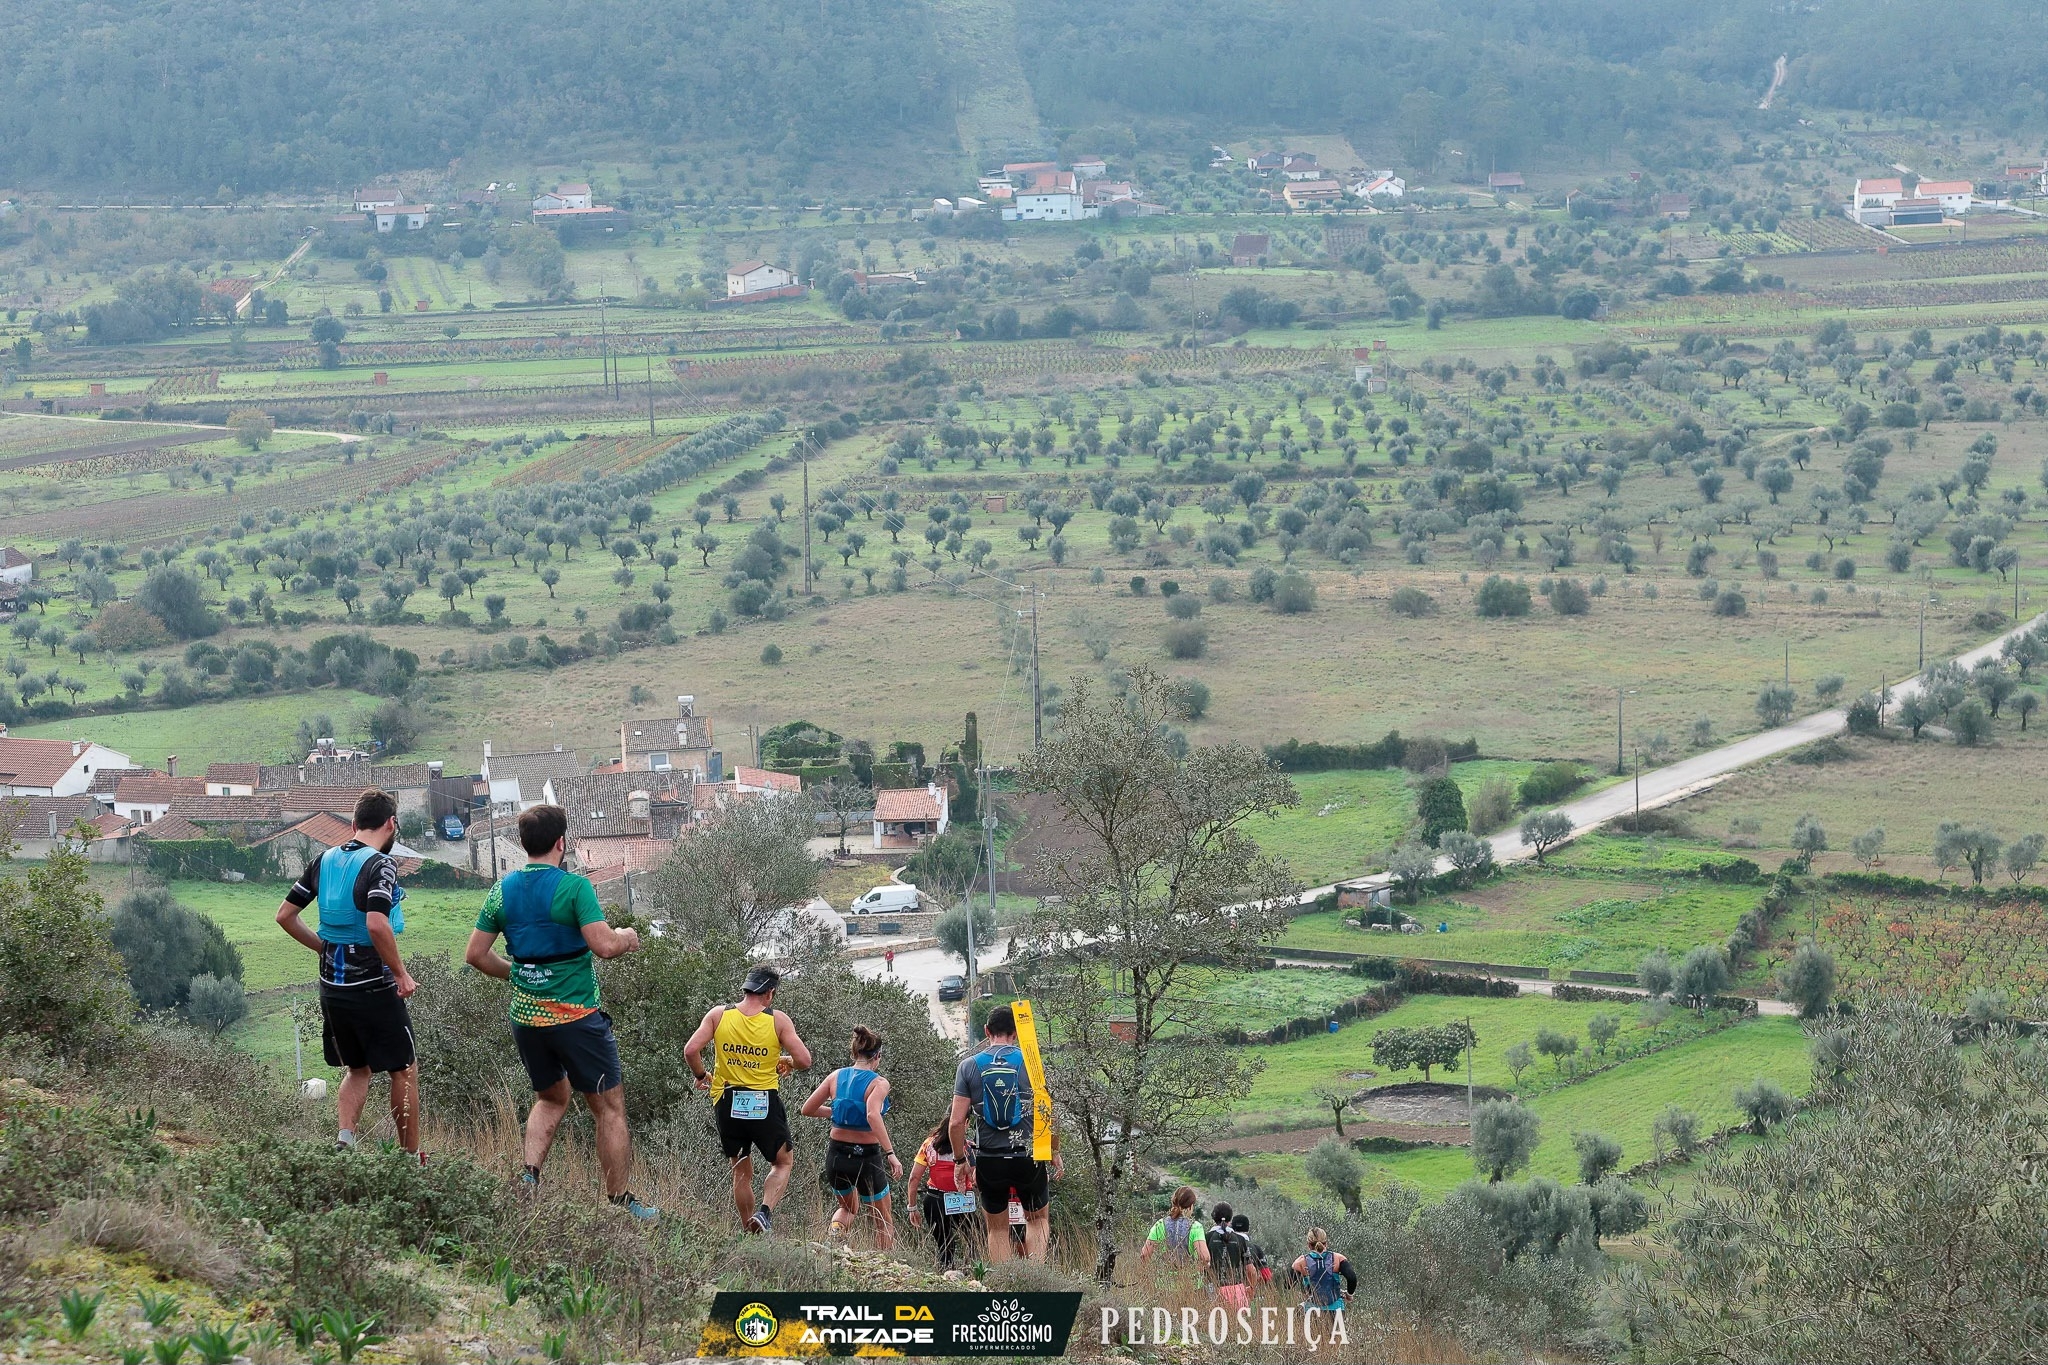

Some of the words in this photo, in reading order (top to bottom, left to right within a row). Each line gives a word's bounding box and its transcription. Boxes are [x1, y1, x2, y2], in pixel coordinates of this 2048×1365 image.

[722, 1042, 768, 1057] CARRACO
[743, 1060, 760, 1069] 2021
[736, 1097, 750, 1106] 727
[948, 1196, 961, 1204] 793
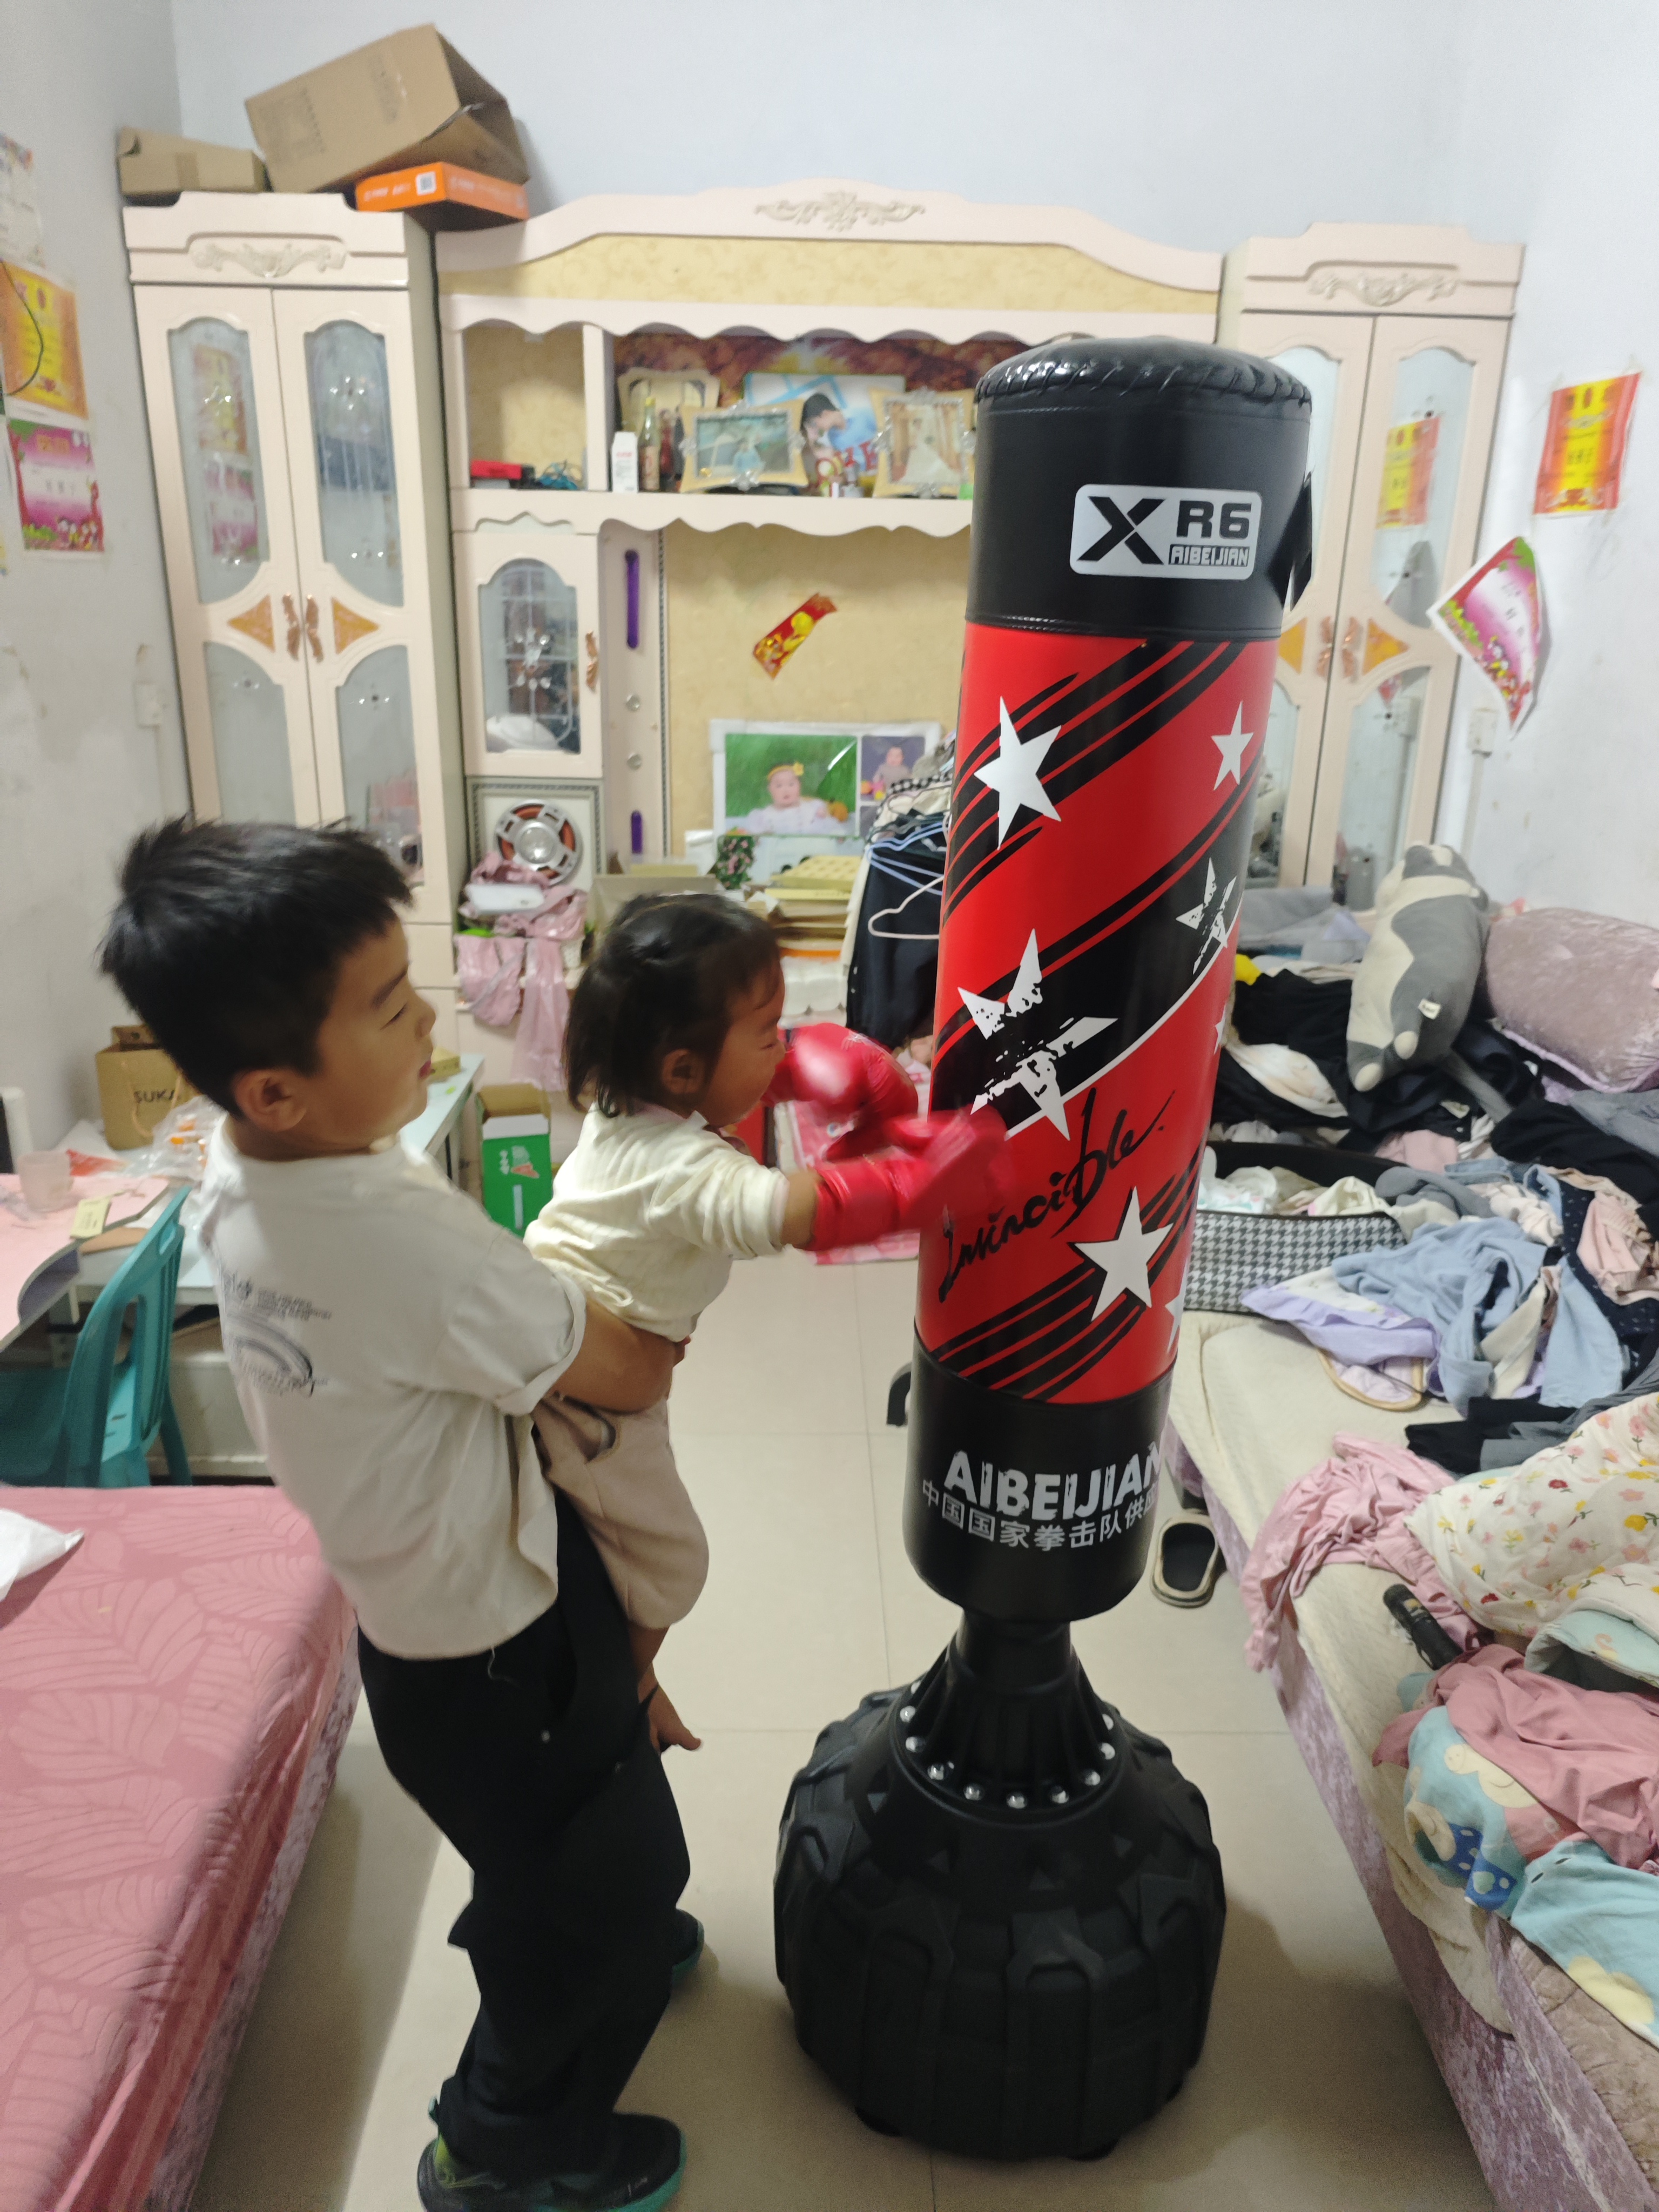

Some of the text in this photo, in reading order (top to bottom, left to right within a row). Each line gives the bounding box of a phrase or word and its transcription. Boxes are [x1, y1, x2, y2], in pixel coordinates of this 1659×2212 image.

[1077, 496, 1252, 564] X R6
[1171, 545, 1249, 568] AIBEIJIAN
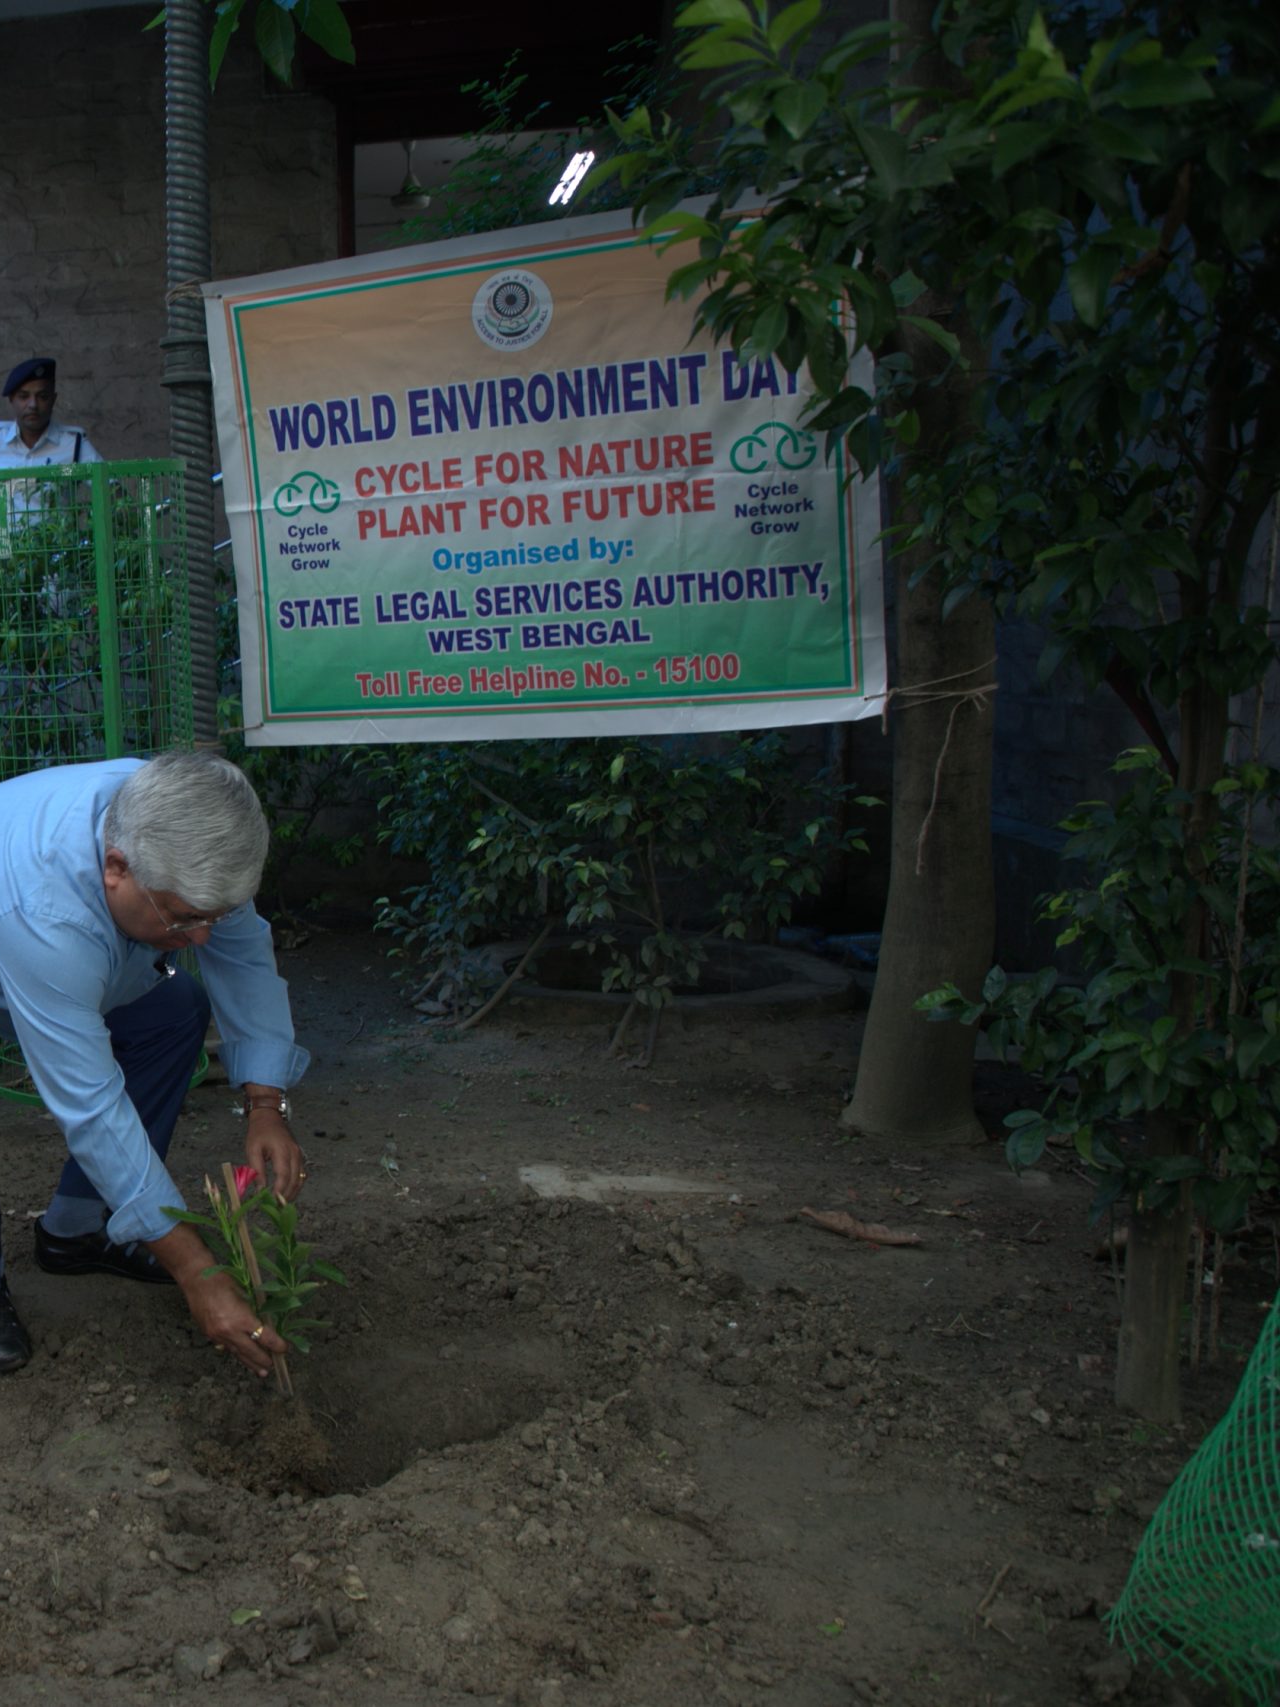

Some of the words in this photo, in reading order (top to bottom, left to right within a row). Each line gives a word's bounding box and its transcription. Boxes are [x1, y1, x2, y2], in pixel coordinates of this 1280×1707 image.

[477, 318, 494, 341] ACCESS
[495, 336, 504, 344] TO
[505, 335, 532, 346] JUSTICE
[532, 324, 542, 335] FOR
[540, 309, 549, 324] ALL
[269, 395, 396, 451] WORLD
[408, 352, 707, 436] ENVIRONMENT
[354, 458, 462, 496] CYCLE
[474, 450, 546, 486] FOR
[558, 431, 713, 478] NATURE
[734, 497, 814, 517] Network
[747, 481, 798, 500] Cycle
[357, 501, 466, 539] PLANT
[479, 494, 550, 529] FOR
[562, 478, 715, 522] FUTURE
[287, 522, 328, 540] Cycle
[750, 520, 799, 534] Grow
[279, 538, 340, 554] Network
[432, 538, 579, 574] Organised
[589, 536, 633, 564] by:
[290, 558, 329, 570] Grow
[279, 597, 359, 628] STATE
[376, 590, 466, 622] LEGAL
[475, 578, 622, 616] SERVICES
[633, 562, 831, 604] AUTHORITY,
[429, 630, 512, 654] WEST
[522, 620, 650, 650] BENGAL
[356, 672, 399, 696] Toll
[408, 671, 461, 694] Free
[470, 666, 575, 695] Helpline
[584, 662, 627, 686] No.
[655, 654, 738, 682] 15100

__PROBLEM__:
The material above holds pictures; copy everything else in it exactly.

__SOLUTION TO THIS TASK__:
Some of the words in this photo, in reading order (top to bottom, left to right within a row). Each line gives a word's bounding box and its transcription. Boxes are [x1, y1, x2, y2], in pixel coordinates of this 2048×1365 image.

[722, 1042, 768, 1057] CARRACO
[743, 1060, 760, 1069] 2021
[736, 1097, 750, 1106] 727
[948, 1196, 961, 1204] 793

Some of the text in this photo, in reading order (top to bottom, left to right within a row). Each line gives the bounding box of a phrase or word and its transcription. Boxes are [x1, y1, x2, y2], in pixel coordinates of this 1659×2212 image.

[1077, 496, 1252, 564] X R6
[1171, 545, 1249, 568] AIBEIJIAN

Some of the words in this photo, in reading order (top to bottom, left to right within a row). Each line gives a word's bounding box and its transcription. Boxes are [x1, y1, x2, y2], in pixel coordinates of this 1280×1707 image.

[477, 318, 494, 341] ACCESS
[495, 336, 504, 344] TO
[505, 335, 532, 346] JUSTICE
[532, 324, 542, 335] FOR
[540, 309, 549, 324] ALL
[269, 395, 396, 451] WORLD
[408, 352, 707, 436] ENVIRONMENT
[354, 458, 462, 496] CYCLE
[474, 450, 546, 486] FOR
[558, 431, 713, 478] NATURE
[734, 497, 814, 517] Network
[747, 481, 798, 500] Cycle
[357, 501, 466, 539] PLANT
[479, 494, 550, 529] FOR
[562, 478, 715, 522] FUTURE
[287, 522, 328, 540] Cycle
[750, 520, 799, 534] Grow
[279, 538, 340, 554] Network
[432, 538, 579, 574] Organised
[589, 536, 633, 564] by:
[290, 558, 329, 570] Grow
[279, 597, 359, 628] STATE
[376, 590, 466, 622] LEGAL
[475, 578, 622, 616] SERVICES
[633, 562, 831, 604] AUTHORITY,
[429, 630, 512, 654] WEST
[522, 620, 650, 650] BENGAL
[356, 672, 399, 696] Toll
[408, 671, 461, 694] Free
[470, 666, 575, 695] Helpline
[584, 662, 627, 686] No.
[655, 654, 738, 682] 15100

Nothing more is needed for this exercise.